Both of the Buss children who are primarily responsible for the future of the Los Angeles Lakers franchise need to learn a lesson from their departed father. Dr. Buss was a public figure, because you cannot own a team like the Lakers and not be, but he did not live his life like it was a reality show. He didn't give scornful sound bytes when things didn't turn out his way, or constantly and publicly re-hash past failures (of which there were admittedly few). Despite a life very much worthy of documentation, Dr. Buss never even wrote a memoir. He was a great man, with many great qualities, but right now, the quality that stands out the most in contrast to his children is that he knew when to shut up.

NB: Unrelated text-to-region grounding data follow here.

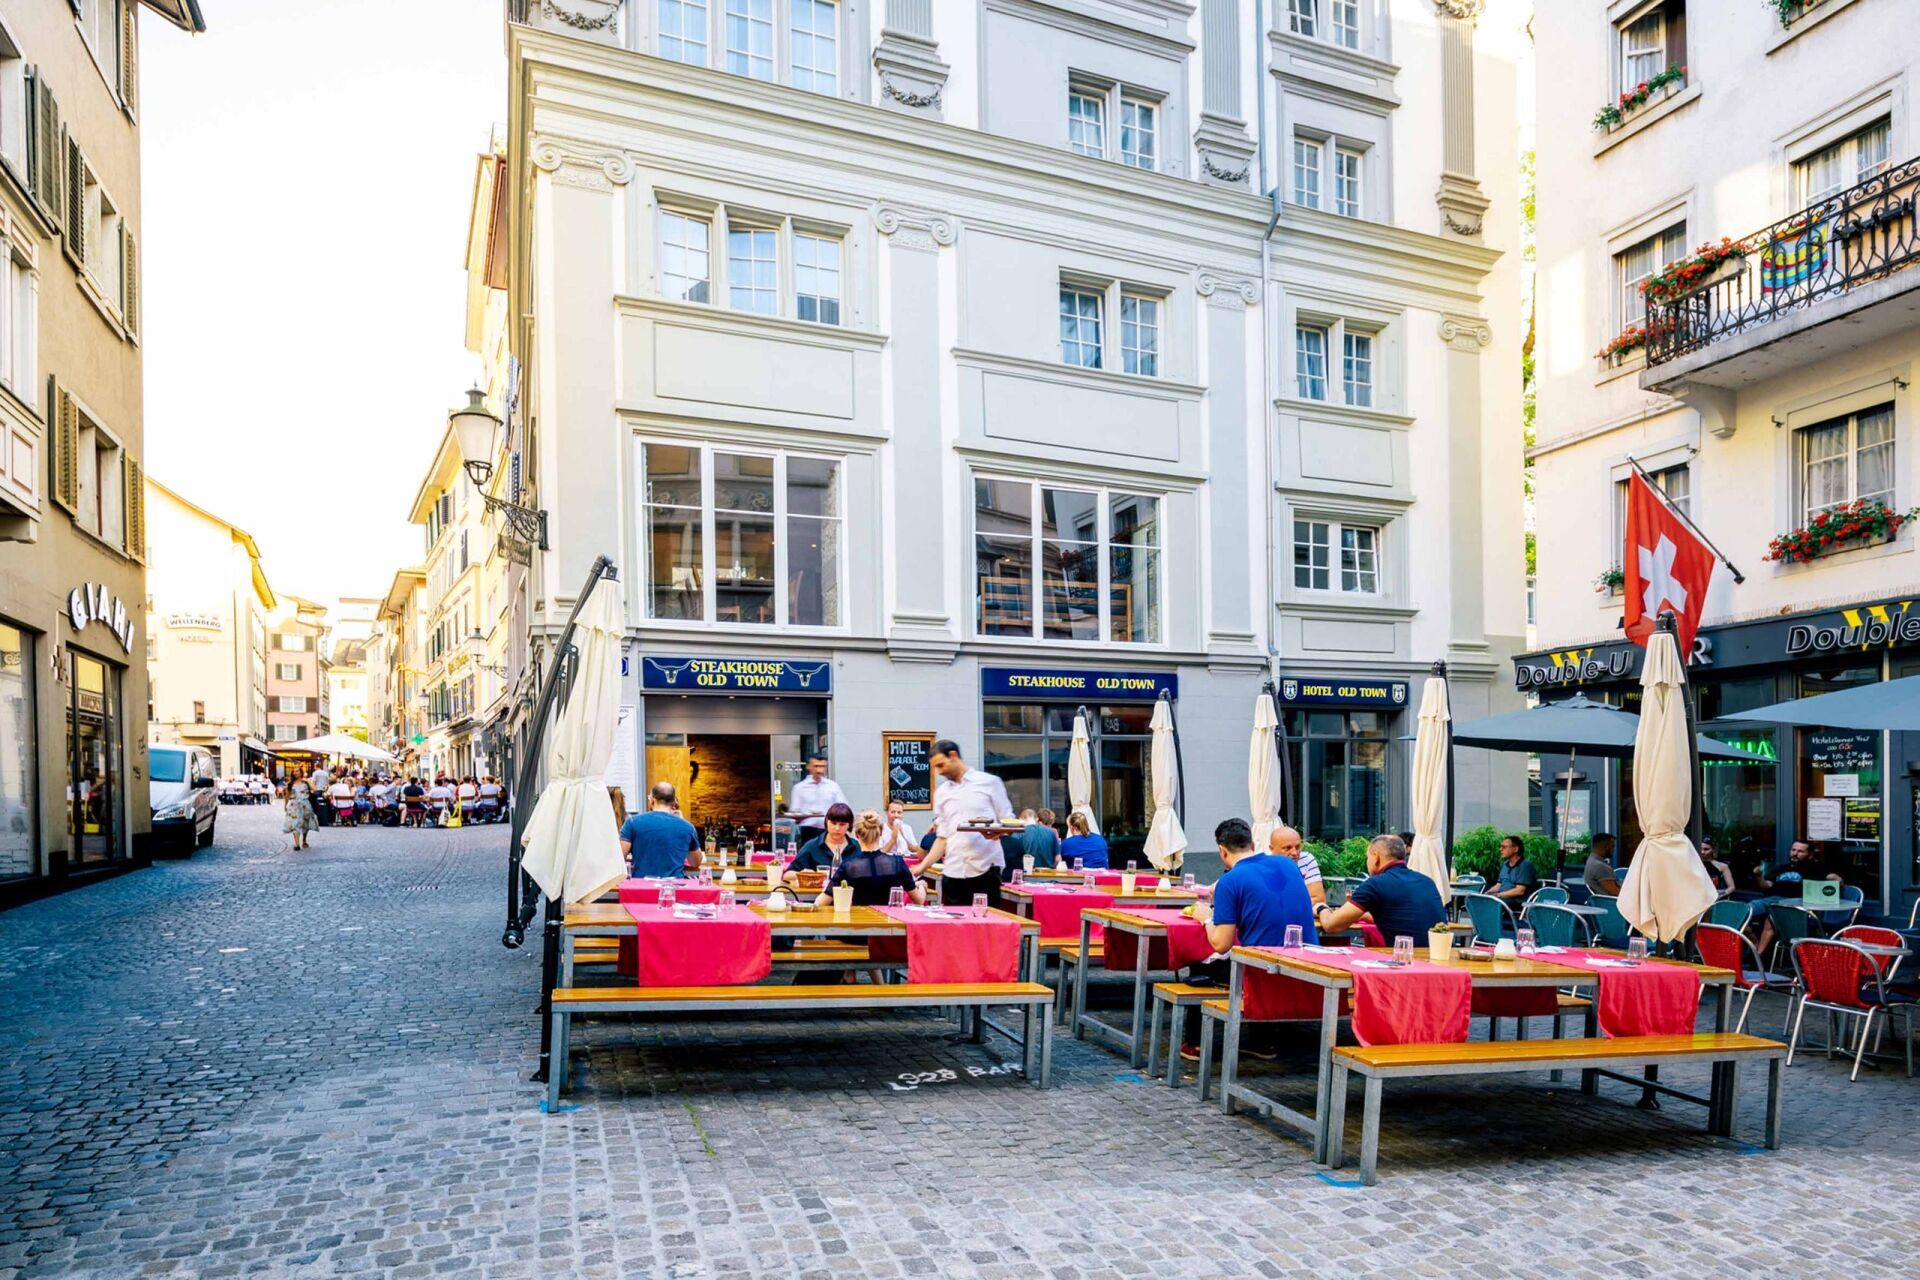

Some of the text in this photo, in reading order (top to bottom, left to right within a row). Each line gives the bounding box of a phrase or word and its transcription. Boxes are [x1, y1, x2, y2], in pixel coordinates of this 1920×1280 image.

[68, 582, 134, 655] GIAHI
[169, 618, 221, 628] WELLENBERG
[690, 660, 784, 675] STEAKHOUSE
[1515, 650, 1632, 687] Double-U
[696, 674, 779, 688] OLD TOWN
[1009, 675, 1155, 690] STEAKHOUSE OLD TOWN
[1302, 685, 1387, 698] HOTEL OLD TOWN
[890, 741, 926, 755] HOTEL
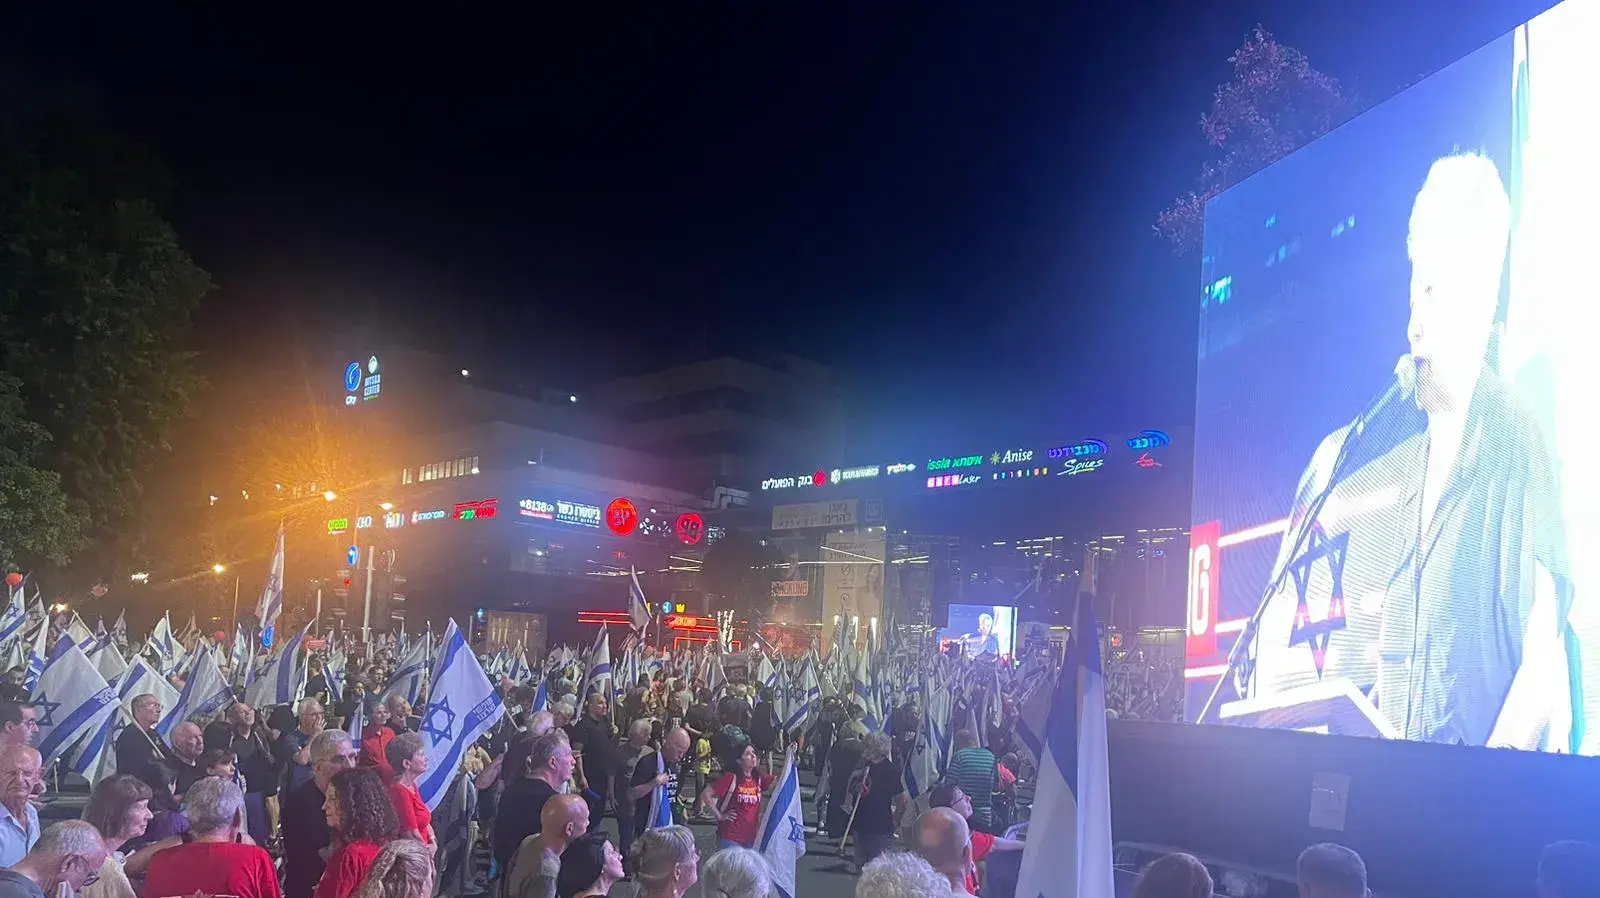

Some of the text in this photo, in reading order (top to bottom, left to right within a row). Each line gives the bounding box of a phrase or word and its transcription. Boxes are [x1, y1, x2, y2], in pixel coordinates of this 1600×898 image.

[1002, 448, 1033, 464] Anise
[1057, 458, 1104, 475] Spices
[762, 475, 813, 490] בנק הפועלים
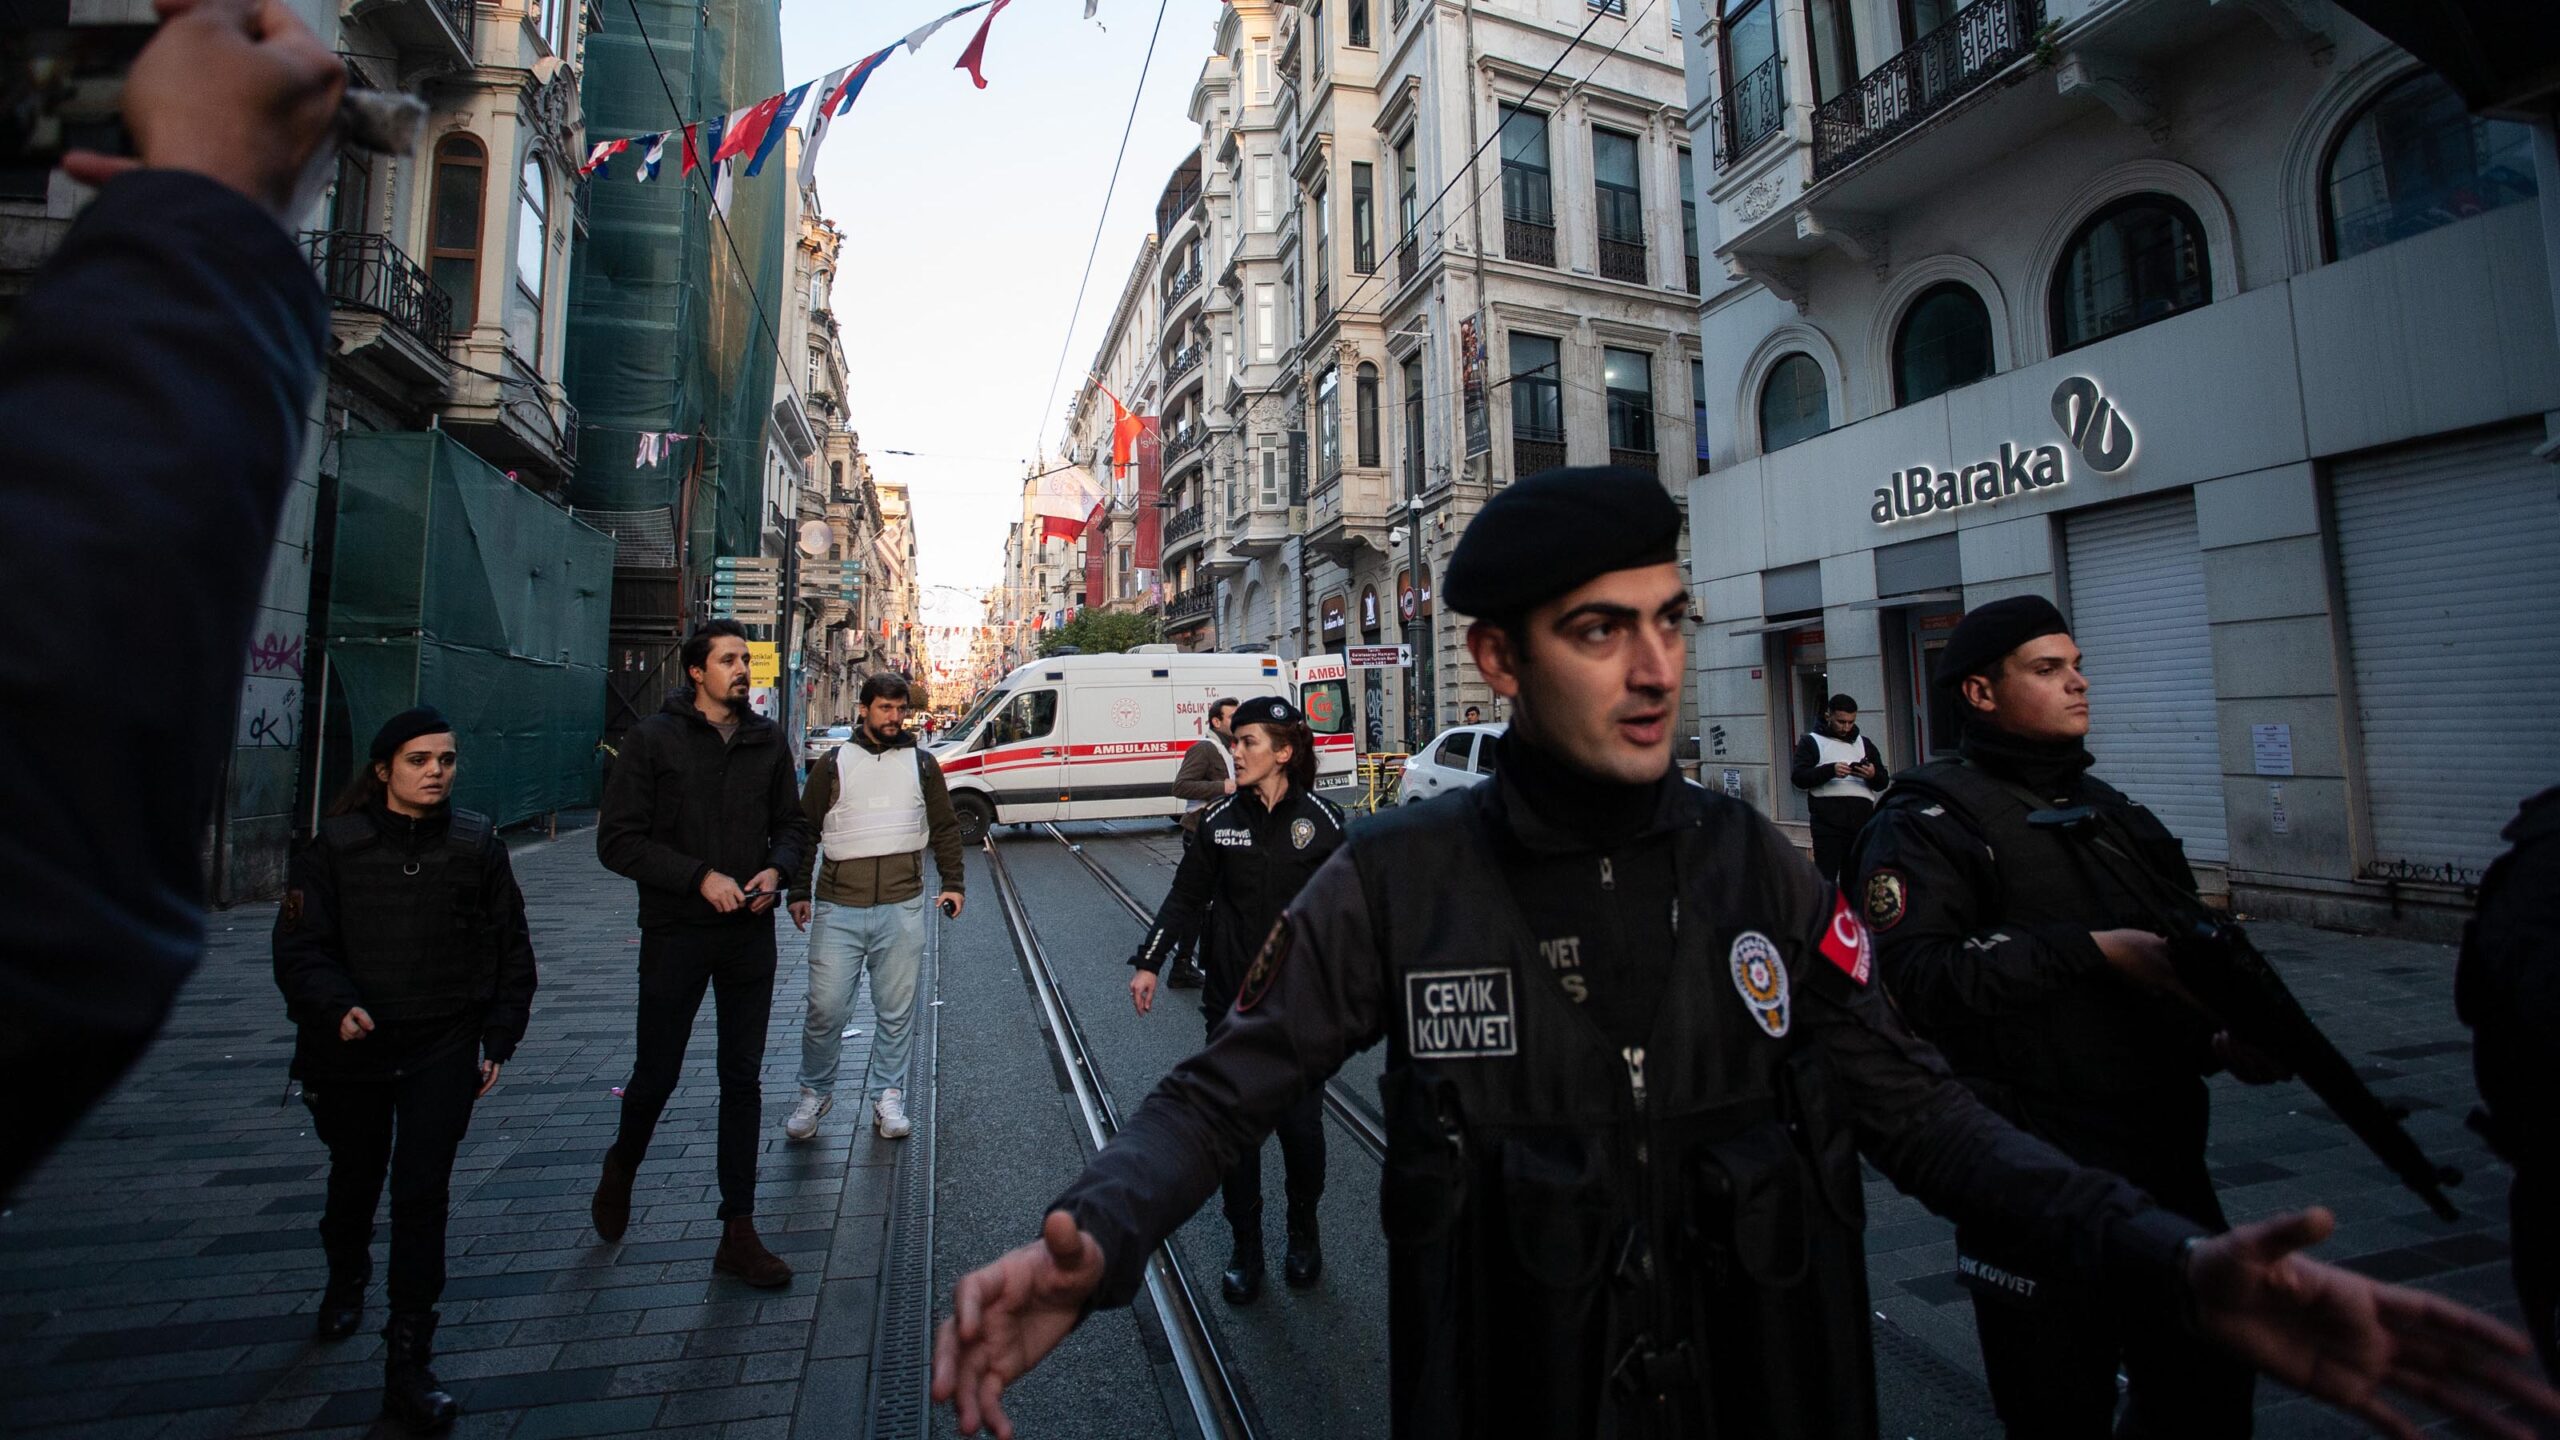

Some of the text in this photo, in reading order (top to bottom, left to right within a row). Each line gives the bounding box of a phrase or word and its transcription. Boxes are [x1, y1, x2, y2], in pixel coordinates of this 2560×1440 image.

[1870, 442, 2065, 524] alBaraka
[1308, 666, 1345, 680] AMBU
[1205, 687, 1220, 698] T.C.
[1176, 700, 1206, 714] SAĞLIK
[1093, 743, 1169, 755] AMBULANS
[1424, 975, 1497, 1018] ÇEVİK
[1417, 1014, 1510, 1051] KUVVET
[1978, 1263, 2037, 1297] KUVVET

The article about Jeanie Buss ends with an important quote: "I want my brother to realize that I'm not the enemy", she says. Well, maybe Jeanie should stop acting like an enemy. Jeanie was also recently quoted as saying that her father would have been able to convince Dwight Howard to stay if he were still alive. That may be true, and it may have been meant as a tribute to her late, great father, but it is extremely easy to read between the lines and get an underlying message of "My brother's not good enough." Maybe if the Buss children would stop acting like enemies, constantly feeding the story of behind-the-scenes conflict and ineptitude, there would be more trust there (Especially when the purpose behind doing so is what? To sell more books?). Maybe if Jim Buss didn't feel the need to constantly attempt to prove that Mike D'Antoni's hiring was not because "he doesn't like Phil", then we wouldn't still be discussing whether MDA was hired because Jim Buss doesn't like Phil. This isn't just about Jeanie, despite the most recent evidence. Jim has contributed plenty to the public toxicity of the relationship, and it needs to stop.
Phil Jackson is gone. Dwight Howard is gone. Worst of all, Dr. Jerry Buss is gone. There are lessons to be learned from the past, but those lessons should be learned and applied in private. The future of the Los Angeles Lakers will now be determined by the successes and failures of Jim and Jeanie Buss, and I, for one, would feel a whole hell of a lot better about that future if the two of them would just shut up and get to work.